* * *
Было еще совсем темно, когда Ли Чан разбудил Висковского. На небе сверкали звезды и блестела луна. Чуть заметно светлел восток, но геолог по опыту знал, что сейчас вспыхнет заря и поднимется солнце. Голубой дым расползался по мокрой траве, издалека брели насытившиеся кони; монголы выходили из юрт и в тишине утра шли к стадам.
Путешественники направились к одной из юрт. Седоусый монгол грел руки над тлеющими углями и молчаливо приветствовал гостей. Ли Чан разлил по чашкам соленый чай с молоком. В чугунном котле лежала холодная свежая баранина.
Старик-монгол роздал каждому по куску мяса и закурил длинную трубку.
По знаку профессора Ли Чан вышел к автомобилю и вернулся с ковшом, полным сухого печенья, жаренного на бараньем сале.
- Великодушный Ли Чан, - торжественно сказал Джам-бон, - одари хозяев боорсуками. Это сделает тебе честь как лучшему хранителю старинных традиций нашей страны. И еще, Ли Чан, принеси сюда маленький бидон бензина.

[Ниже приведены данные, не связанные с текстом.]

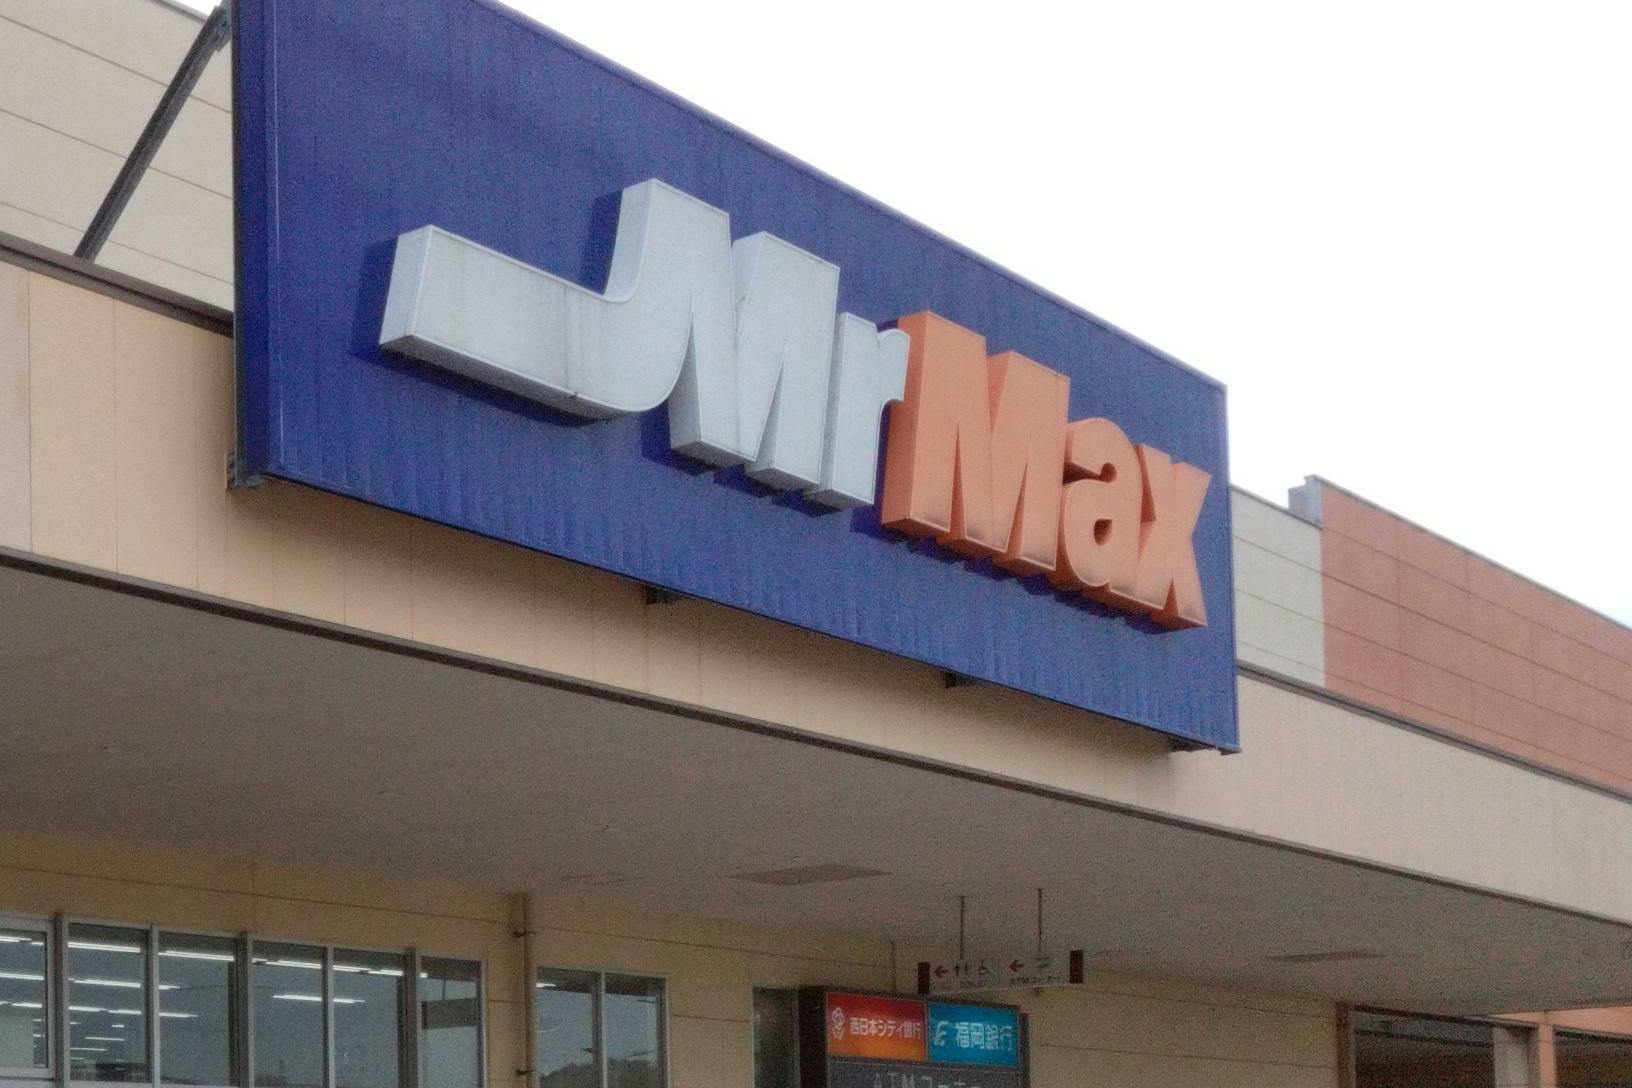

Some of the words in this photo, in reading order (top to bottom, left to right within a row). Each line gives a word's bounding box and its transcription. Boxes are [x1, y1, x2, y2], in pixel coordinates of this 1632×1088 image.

Послушный китаец принес и бидон. Глаза старика-мон-гола заблестели от удовольствия.
- Кочевник более всего будет рад этому подарку, - объяснил Джамбон геологу: - он смажет бензином хвост табунному жеребцу. Многие уверяют, что волки не выносят запаха бензина и страшатся нападать на стадо.
Распростившись с хозяевами юрты, путешественники уселись в машину. В этот момент взошло солнце, и автомобиль тронулся в путь.
Свернув в сторону от караванной дороги, Ли Чан помчался по степи. Ударяясь о тарбаганьи норы, несся "бьюик" вперед, и с каждой минутой местность становилась все более дикой. За первые два часа путешественники проехали около ста километров. Давно окончились становища кочевников, исчезли стада, и в бескрайней степи в прозрачном воздухе открывался вид на сто километров вперед.
Солнце еще не дошло до середины неба, когда из глубины степи показались две черные точки и навстречу автомобилю попались два охотника. Изможденные кони еле передвигали ноги. Охотники были до последней степени истощены, но, ничем не выказывая своего состояния, по обычаю долго приветствовали путников:
- Сайн байну! (Добро вам!)
- Сайн, - ответил Джамбон.
- Амор сайн соджи байну? (Хорошо ли живете?)
- Сайн, - повторил профессор, - сайн.
- Мал сурук сайн байну? (Скоту и табуну вашему хорошо ли?), - осведомился второй охотник, но, бросив взгляд на автомобиль, поправился: - Здорово ли сердце машины?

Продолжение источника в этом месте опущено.